1. Setting Up the Scenario

For the demonstrations in this section, we use a series of sales tables within the Adventure-Works2008 database. We would like you to create copies of those tables, move data into those copies, and create some indexes on them. We are going to use three tables: the sales header table, sales details table, and the product table. The following code sample creates the tables in a separate schema and moves data into them:

USE AdventureWorks2008
GO

SELECT *
INTO AdventureWorks2008.APWRITER.Product
FROM AdventureWorks2008.Production.Product

SELECT *
INTO AdventureWorks2008.APWRITER.SalesOrderDetail
FROM AdventureWorks2008.Sales.SalesOrderDetail

SELECT *
INTO AdventureWorks2008.APWRITER.SalesOrderHeader
FROM AdventureWorks2008.Sales.SalesOrderHeader

If you do not have the APWRITER schema created, then use a schema that exists on your system or create a separate schema just for the tables. Before we begin, let's make sure you understand the relationship between the tables. The SalesOrderHeader table contains the information about when a sale was created. The SalesOrderDetail table contains a list of all of the details related to the sale. The Product table has the products that exist within each sale detail. In other words, SalesOrderHeader tables have order details and the order details have products. Enable the Include Actual Execution Plan option before you execute the following queries.

2. Table Scans

The first thing you notice if you query the three newly created tables is that the query optimizer does a table scan. As you can see, to retrieve all the data from a table, the table scan is not necessarily a bad option; however, retrieving specific records from within a heap table may prove costly. Enable execution plans in your query window, and execute the following queries. You'll see their execution plans displayed in Figure 1.

USE AdventureWorks2008
GO

SELECT *
FROM APWRITER.SalesOrderHeader

SELECT *
FROM APWRITER.SalesOrderDetail

SELECT *
FROM APWRITER.Product

Figure 1. The execution plan of querying the three tables

Now instead of just retrieving all the data from the tables, you may want to retrieve specific results from each one of the tables. The following code retrieves specific information from joining the newly created tables. Figure 2 shows the resulting execution plan.

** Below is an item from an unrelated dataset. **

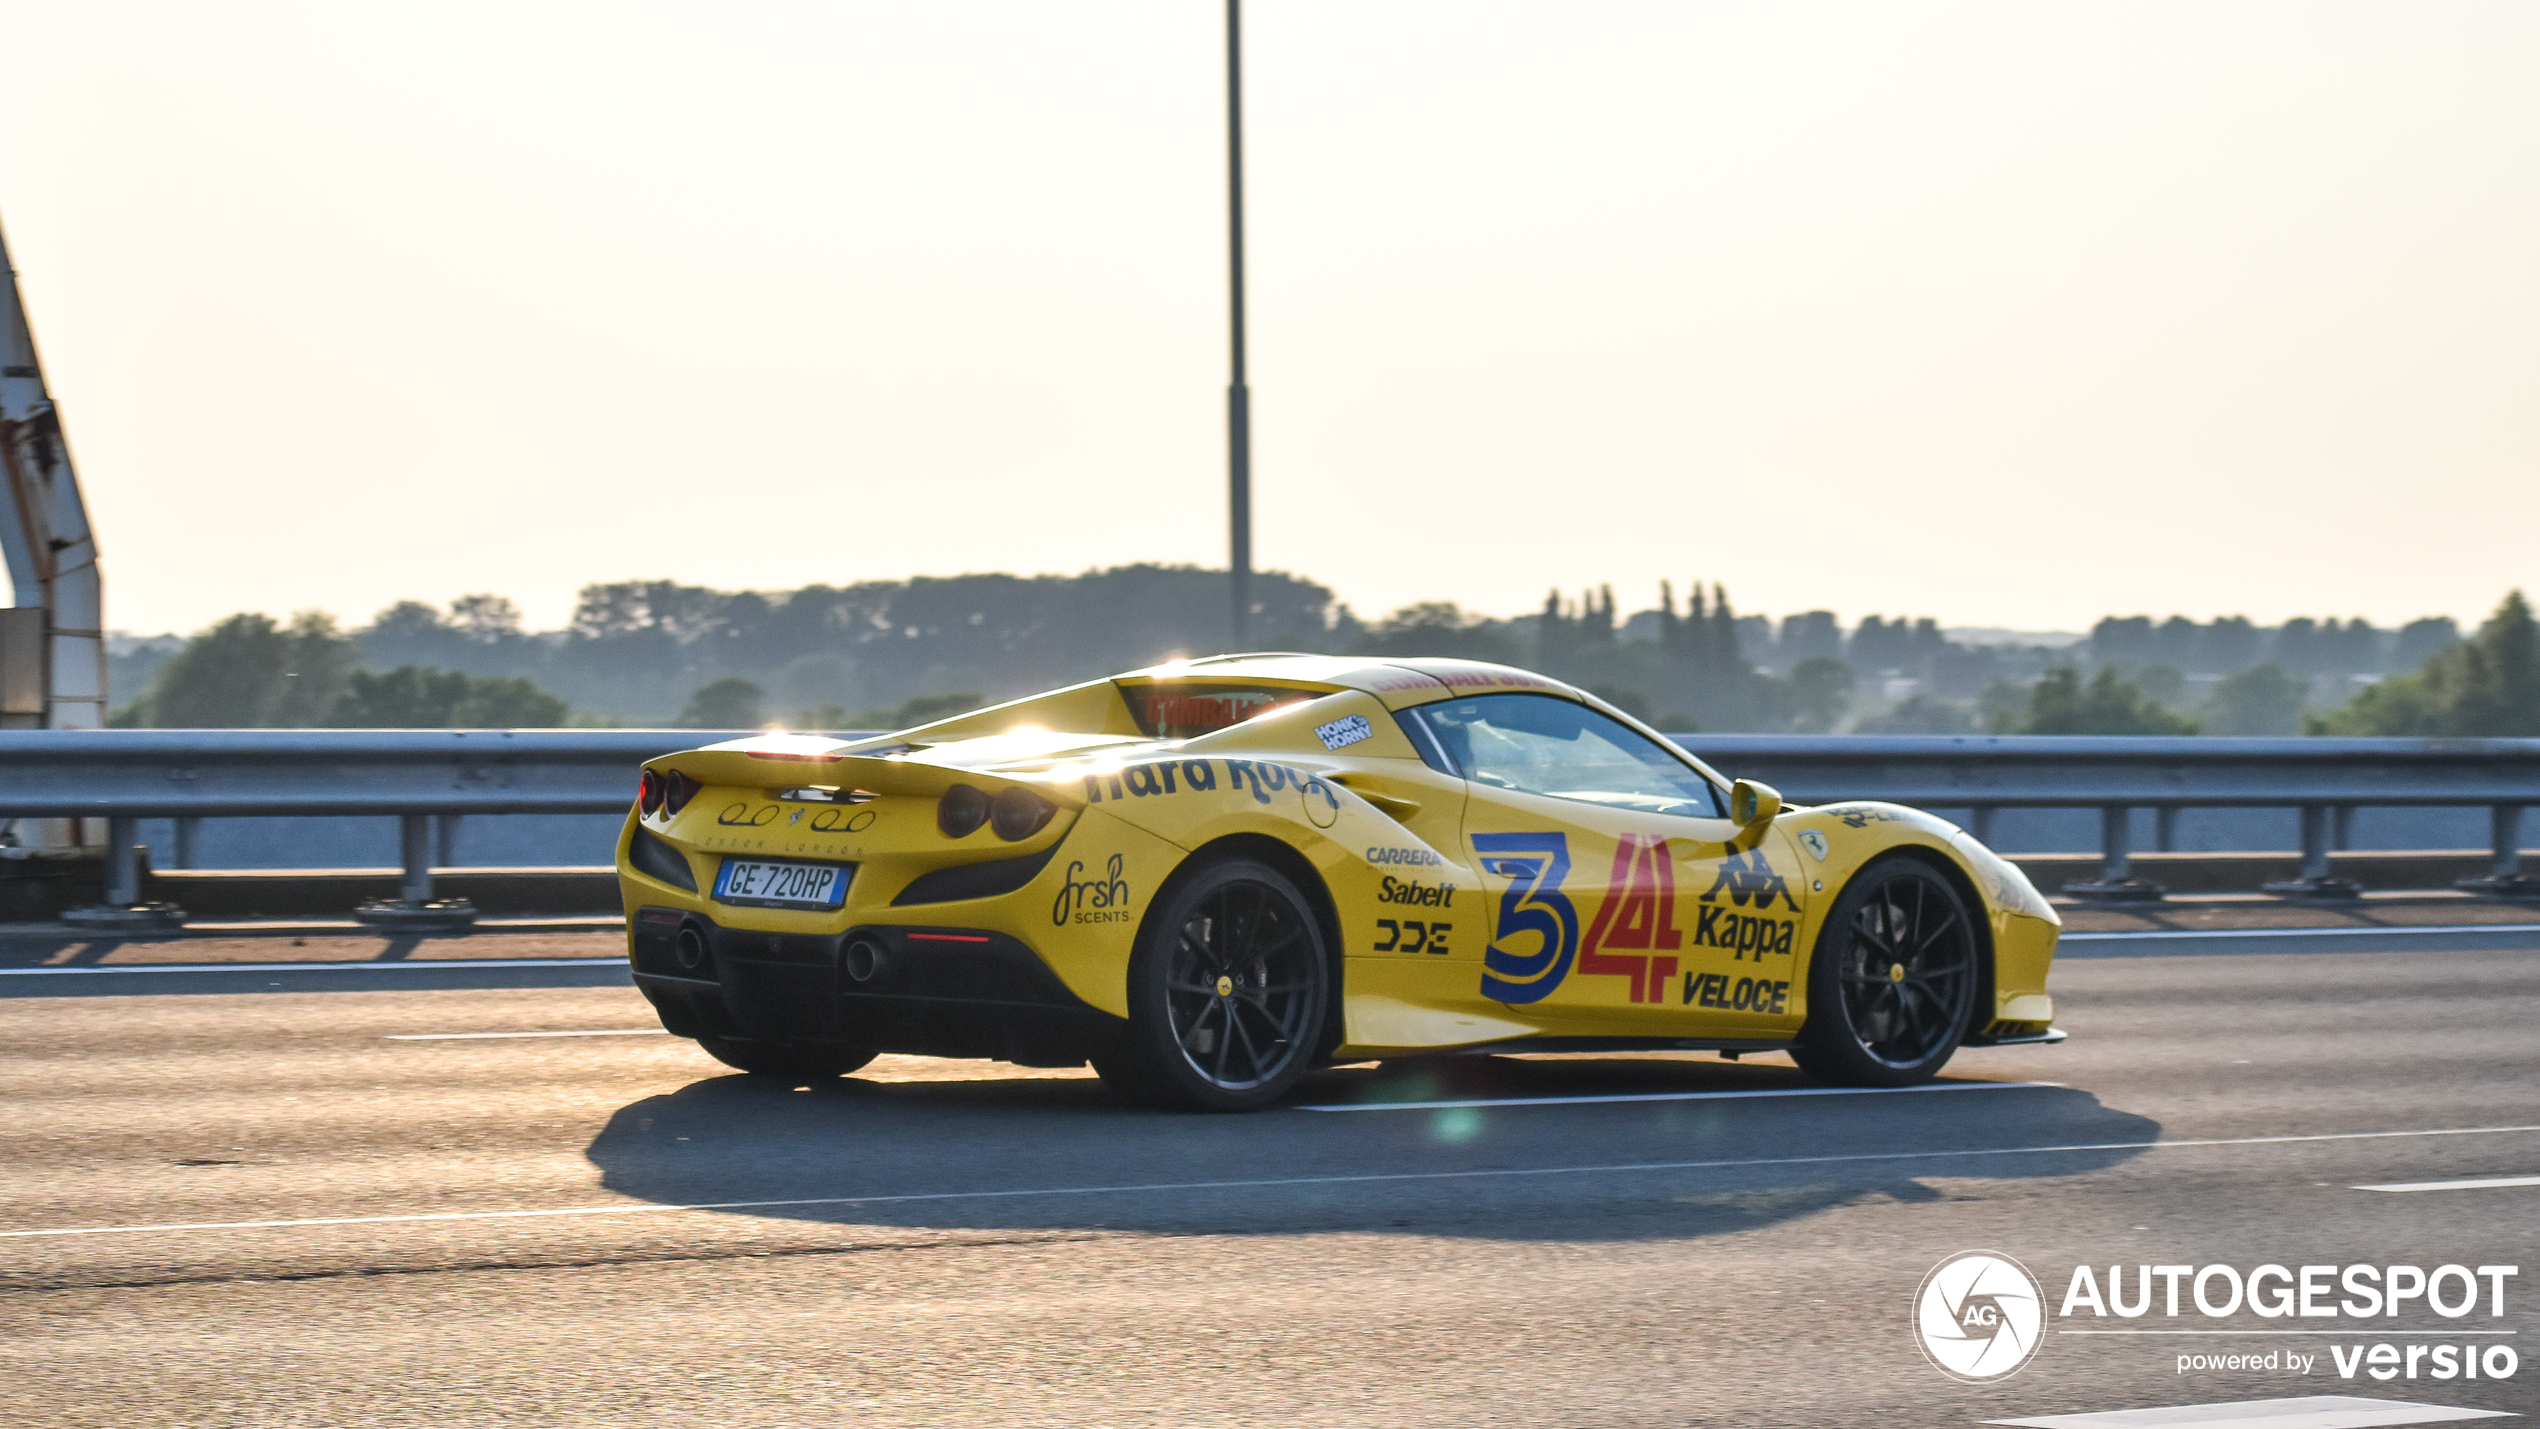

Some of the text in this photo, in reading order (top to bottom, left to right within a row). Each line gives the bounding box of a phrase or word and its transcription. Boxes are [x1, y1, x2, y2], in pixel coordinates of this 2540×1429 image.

SELECT soh.SalesOrderId, soh.OrderDate, soh.ShipDate,p.Name, sod.OrderQty,
sod.UnitPrice, sod.LineTotal
FROM apWriter.SalesOrderHeader soh JOIN apWriter.SalesOrderDetail sod
ON soh.SalesOrderId = sod.SalesOrderId
JOIN apWriter.Product p on sod.ProductId = p.ProductId
WHERE soh.SalesOrderId = 60941

Figure 2. Joining multiple tables without any indexes

The execution plan and the response time suggest that joining multiple tables together via table scan is not the most efficient way to retrieve data. So the first rule that we would like to demonstrate is the benefit of creating clustered indexes on tables.